• What you need to do:
Every line below should be copied exactly; drop the pictures.

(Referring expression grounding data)
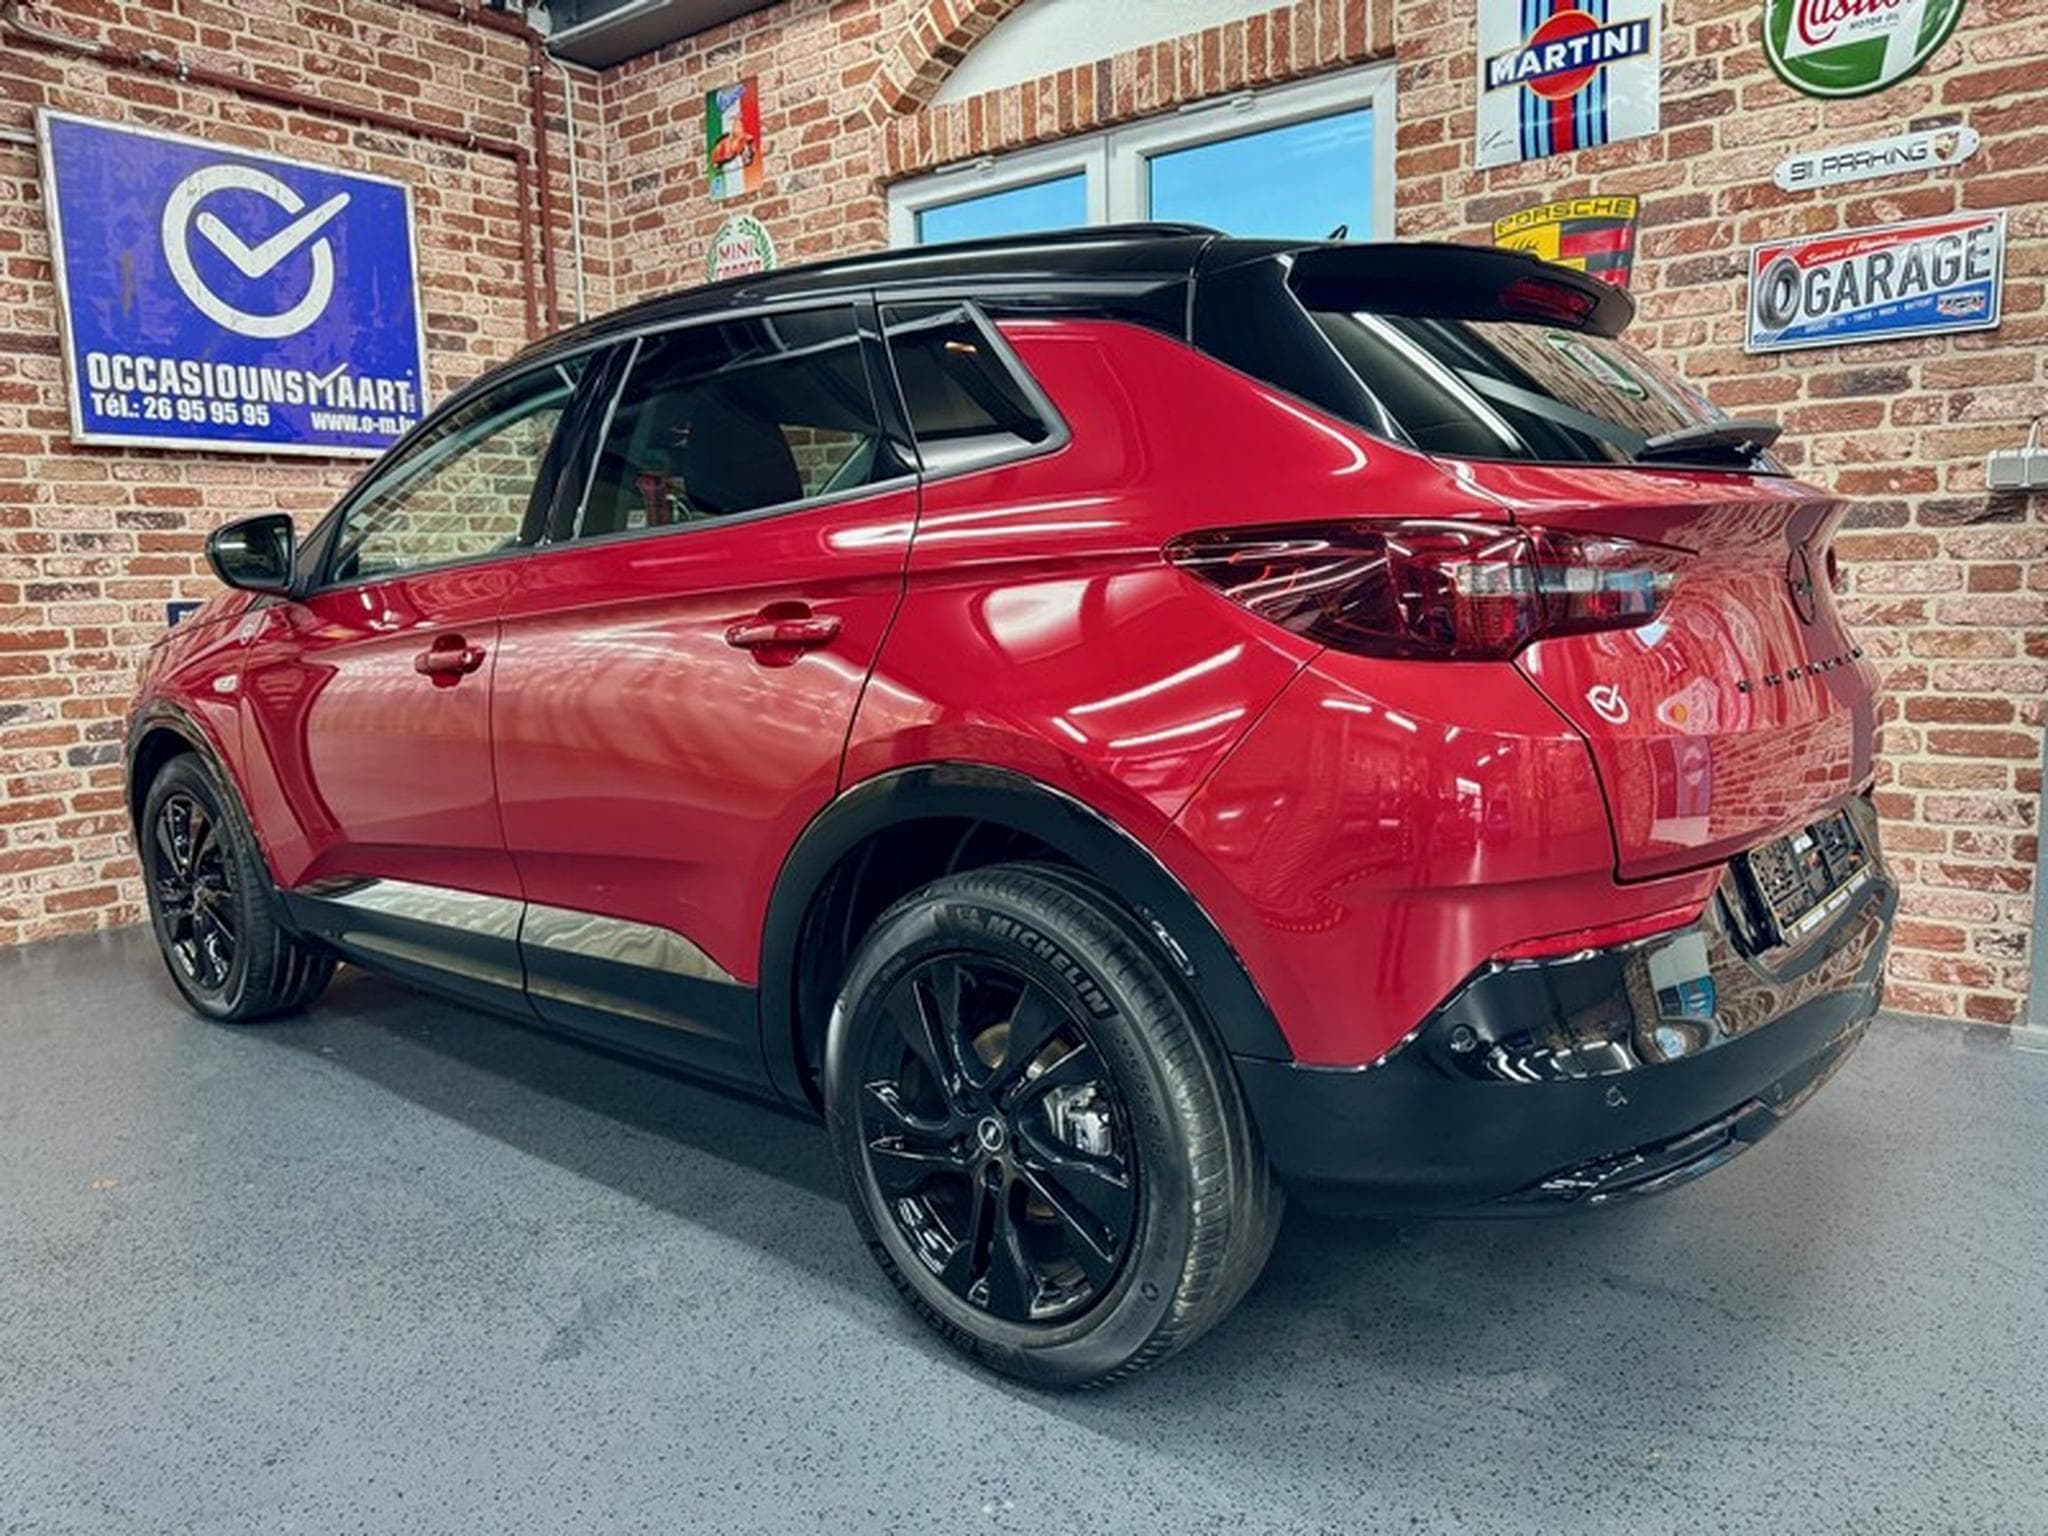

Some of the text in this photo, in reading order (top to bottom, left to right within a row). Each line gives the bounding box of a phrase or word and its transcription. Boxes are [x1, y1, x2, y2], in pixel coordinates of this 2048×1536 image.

[1490, 24, 1643, 86] MARTINI
[1821, 140, 1928, 177] PARKING
[1497, 199, 1632, 234] PORSCHE
[1804, 225, 1994, 318] GARAGE
[86, 352, 412, 414] OCCASIOUNSMAART
[143, 396, 174, 421] 26
[177, 398, 207, 423] 95
[210, 400, 240, 426] 95
[242, 403, 271, 427] 95
[986, 915, 1110, 1014] MICHELIN
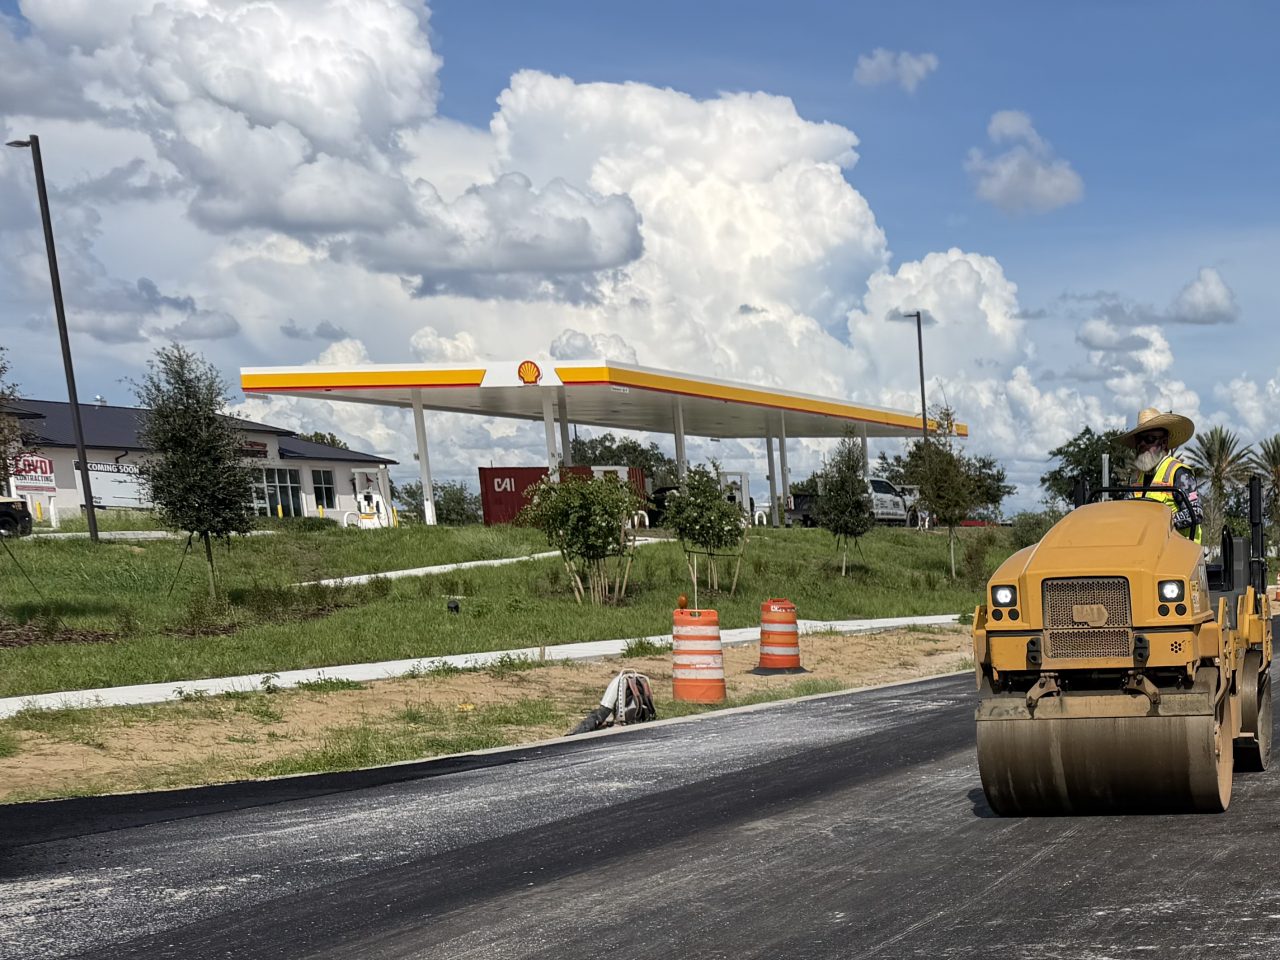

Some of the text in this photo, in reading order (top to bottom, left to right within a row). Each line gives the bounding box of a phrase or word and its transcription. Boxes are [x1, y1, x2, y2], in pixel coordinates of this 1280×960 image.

• Solution:
Some of the text in this photo, in reading order (top to bottom, left to right within a row). Each line gives the bounding box of a phrase or word and its transcription. Boxes are [x1, y1, x2, y2], in pixel coordinates of this 2048×1536 image.

[1490, 24, 1643, 86] MARTINI
[1821, 140, 1928, 177] PARKING
[1497, 199, 1632, 234] PORSCHE
[1804, 225, 1994, 318] GARAGE
[86, 352, 412, 414] OCCASIOUNSMAART
[143, 396, 174, 421] 26
[177, 398, 207, 423] 95
[210, 400, 240, 426] 95
[242, 403, 271, 427] 95
[986, 915, 1110, 1014] MICHELIN

Some of the text in this photo, in reading order (top to bottom, left to right within a row). Each line gives the bounding box of a phrase or word and its transcription. Boxes are [x1, y1, x2, y2], in pixel coordinates of this 1280×960 image.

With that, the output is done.